> **Work to be completed**:
Without the pictures, set down everything in the listing exactly.

> **Records to use**:
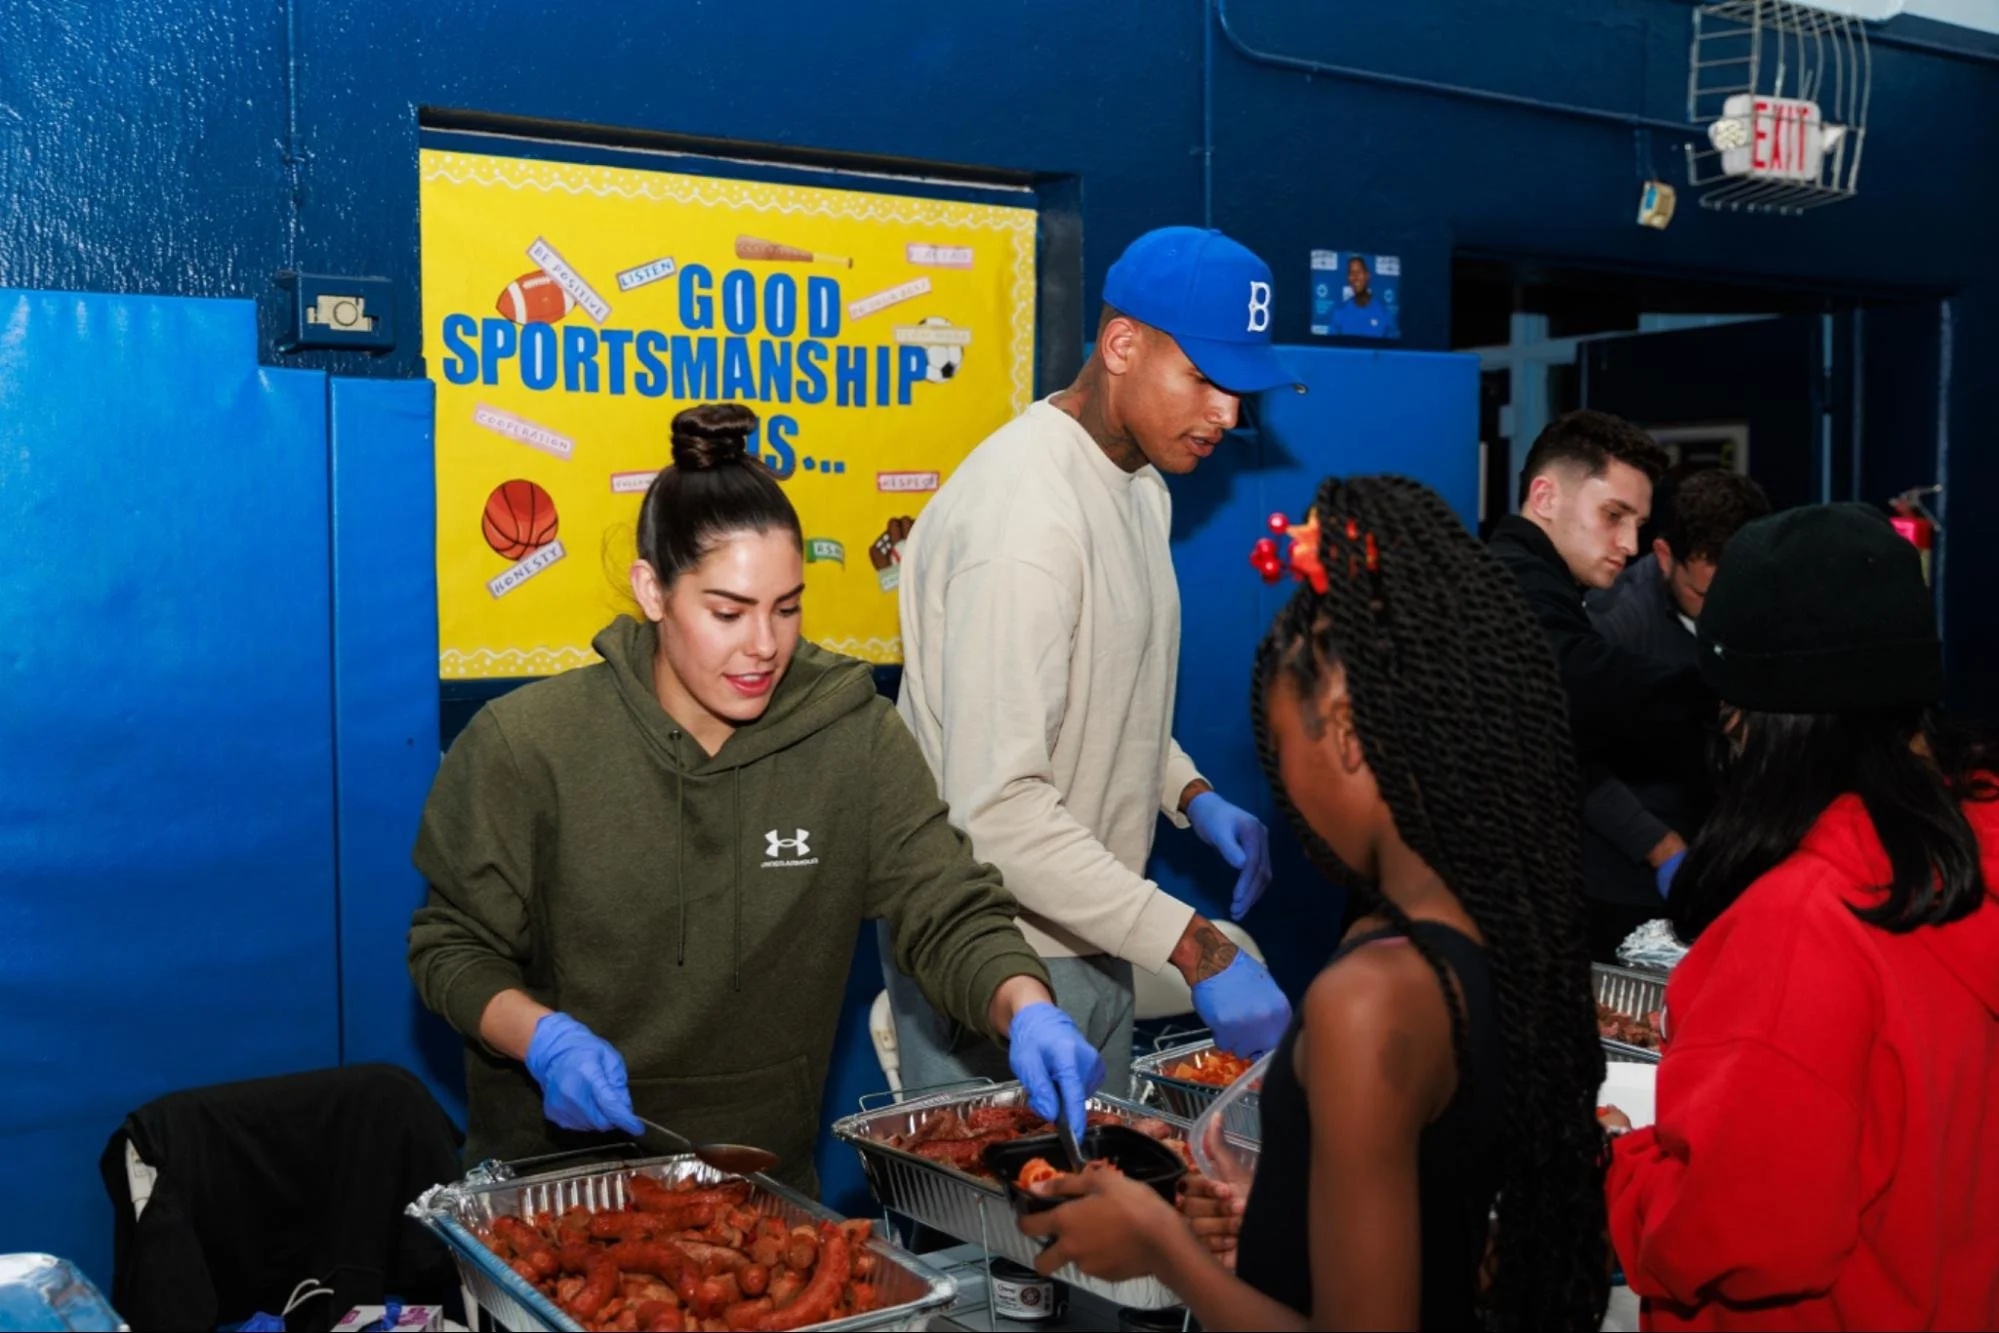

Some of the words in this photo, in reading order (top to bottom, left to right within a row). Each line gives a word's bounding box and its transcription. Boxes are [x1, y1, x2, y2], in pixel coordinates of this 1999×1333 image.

[1751, 102, 1809, 172] EXIT
[534, 246, 550, 262] BE
[552, 263, 604, 317] POSITIVE
[619, 260, 672, 288] LISTEN
[678, 264, 841, 338] GOOD
[1247, 281, 1271, 332] B
[442, 313, 929, 407] SPORTSMANSHIP
[478, 412, 568, 450] COOPERATION
[495, 546, 558, 593] HONESTY
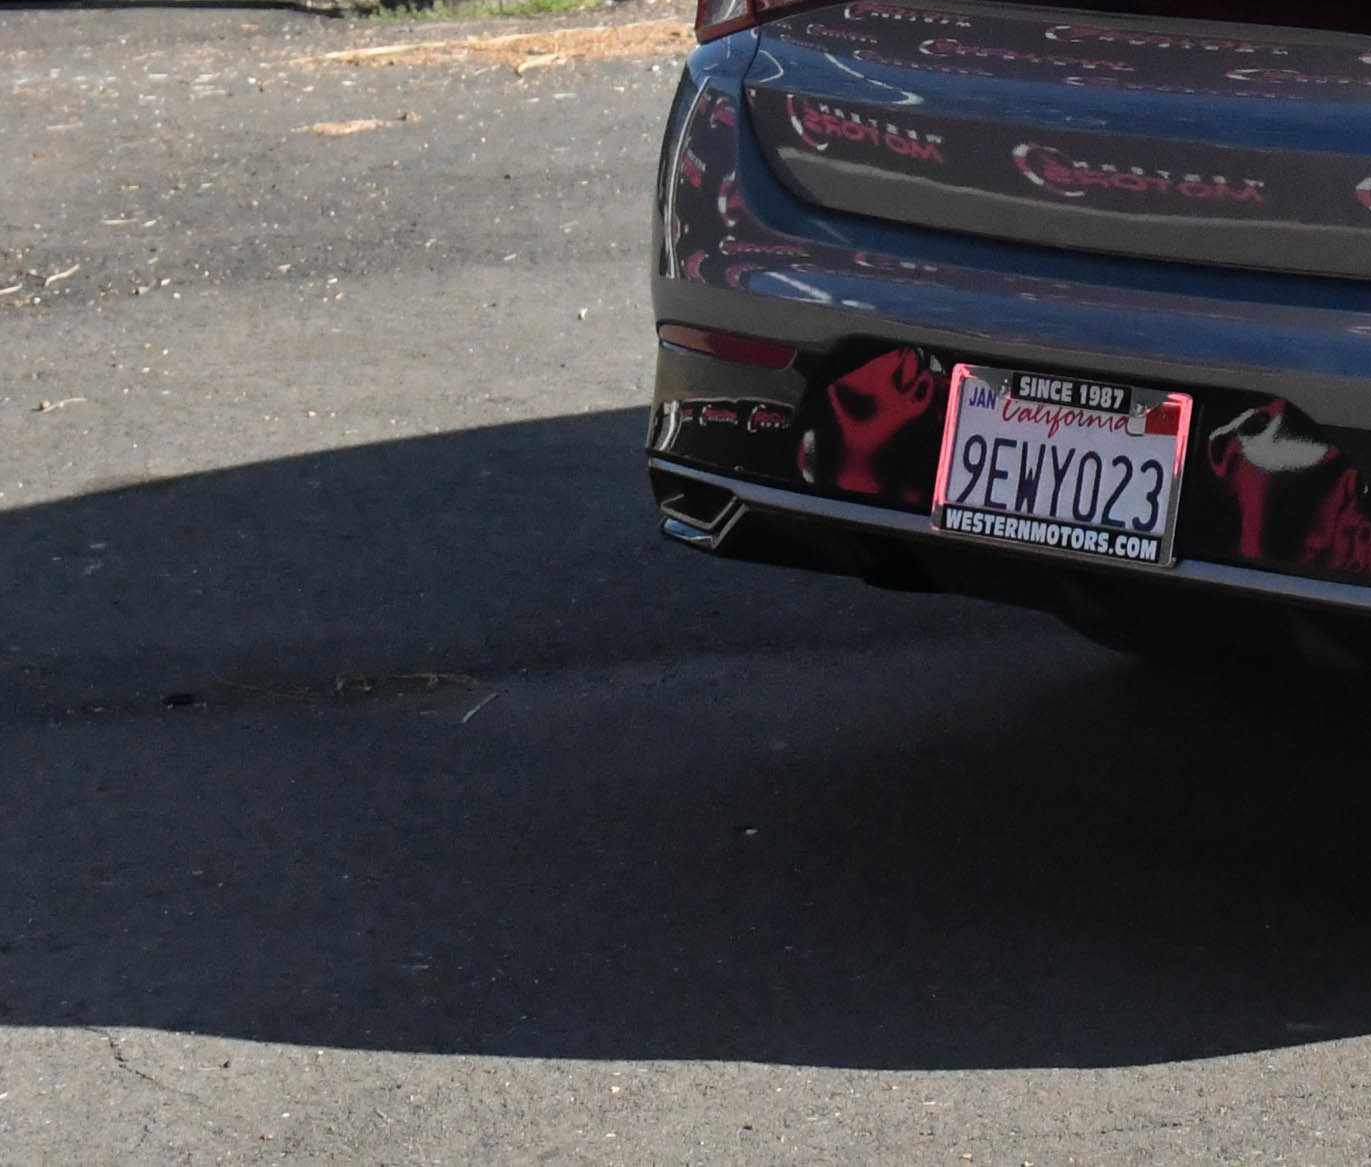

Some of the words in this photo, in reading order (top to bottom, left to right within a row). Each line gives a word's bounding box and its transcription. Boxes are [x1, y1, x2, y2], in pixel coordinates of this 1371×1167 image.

[969, 387, 997, 410] JAN
[1019, 376, 1073, 403] SINCE
[1079, 385, 1125, 409] 1987
[1002, 397, 1144, 439] California
[955, 434, 1164, 532] 9EWY023
[945, 508, 1158, 561] WESTERNMOTORS.COM
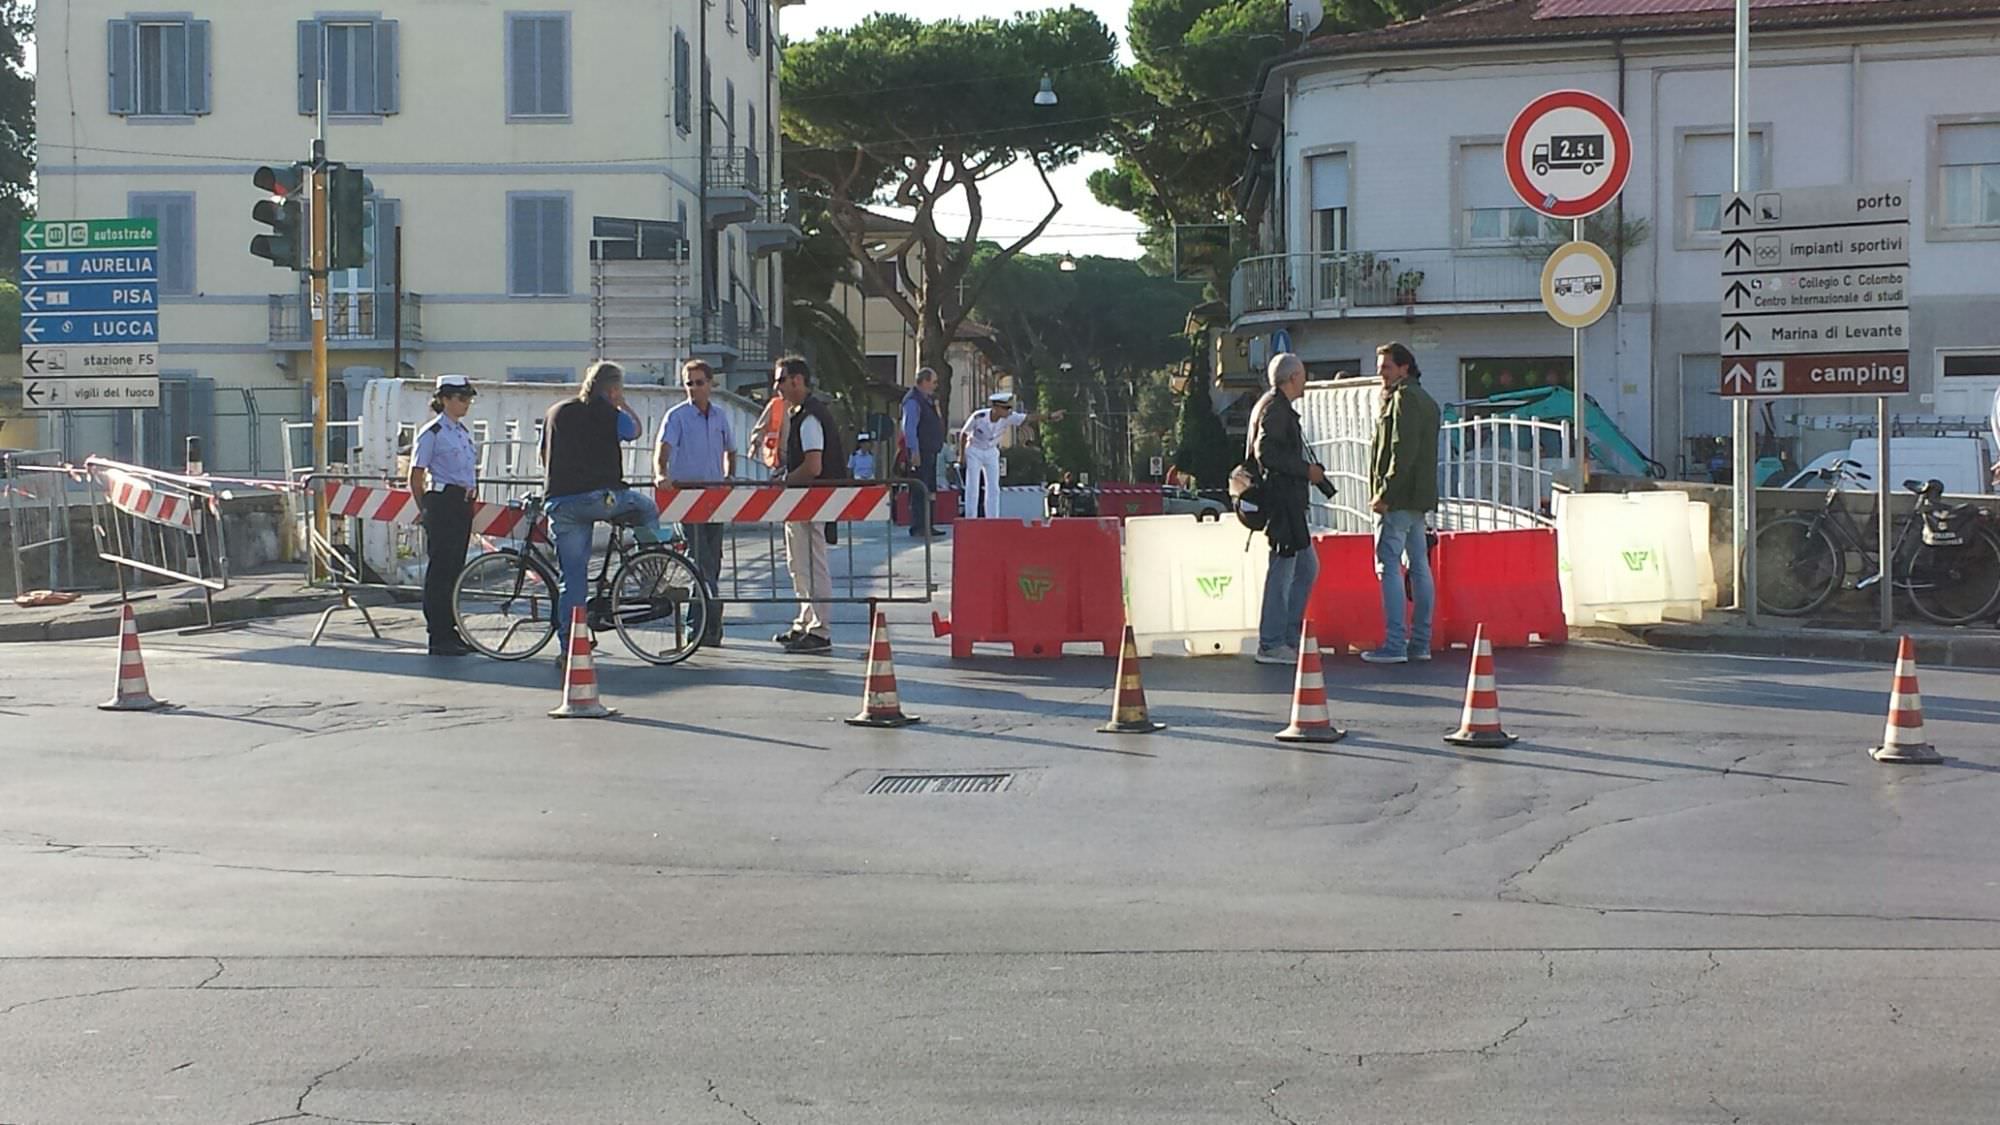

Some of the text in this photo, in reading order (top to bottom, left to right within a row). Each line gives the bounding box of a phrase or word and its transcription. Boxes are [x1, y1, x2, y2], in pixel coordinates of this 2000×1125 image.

[1857, 193, 1902, 212] porto
[94, 227, 152, 241] autostrade
[1790, 237, 1902, 257] impianti sportivi
[81, 257, 152, 273] AURELIA
[1799, 275, 1839, 291] Collegio
[1858, 273, 1903, 286] Colombo
[112, 289, 152, 304] PISA
[1754, 288, 1903, 307] Centro Internazionale di studi
[93, 321, 154, 337] LUCCA
[1771, 324, 1902, 341] Marina di Levante
[83, 353, 154, 366] stazione FS
[1810, 363, 1905, 386] camping
[75, 386, 154, 400] vigili del fuoco

> **Solution to the exercise**:
Some of the words in this photo, in reading order (top to bottom, left to right within a row). Each line gives a word's bounding box and its transcription. Boxes are [x1, y1, x2, y2], in pixel coordinates of this 1999×1333 image.

[1751, 102, 1809, 172] EXIT
[534, 246, 550, 262] BE
[552, 263, 604, 317] POSITIVE
[619, 260, 672, 288] LISTEN
[678, 264, 841, 338] GOOD
[1247, 281, 1271, 332] B
[442, 313, 929, 407] SPORTSMANSHIP
[478, 412, 568, 450] COOPERATION
[495, 546, 558, 593] HONESTY

Some of the words in this photo, in reading order (top to bottom, left to right within a row). Each line gives a word's bounding box and its transcription. Boxes are [x1, y1, x2, y2], in pixel coordinates of this 1371×1167 image.

[969, 387, 997, 410] JAN
[1019, 376, 1073, 403] SINCE
[1079, 385, 1125, 409] 1987
[1002, 397, 1144, 439] California
[955, 434, 1164, 532] 9EWY023
[945, 508, 1158, 561] WESTERNMOTORS.COM

Some of the text in this photo, in reading order (top to bottom, left to right within a row). Each line gives the bounding box of a phrase or word and its transcription. Boxes are [x1, y1, x2, y2], in pixel coordinates of this 2000×1125 image.

[1857, 193, 1902, 212] porto
[94, 227, 152, 241] autostrade
[1790, 237, 1902, 257] impianti sportivi
[81, 257, 152, 273] AURELIA
[1799, 275, 1839, 291] Collegio
[1858, 273, 1903, 286] Colombo
[112, 289, 152, 304] PISA
[1754, 288, 1903, 307] Centro Internazionale di studi
[93, 321, 154, 337] LUCCA
[1771, 324, 1902, 341] Marina di Levante
[83, 353, 154, 366] stazione FS
[1810, 363, 1905, 386] camping
[75, 386, 154, 400] vigili del fuoco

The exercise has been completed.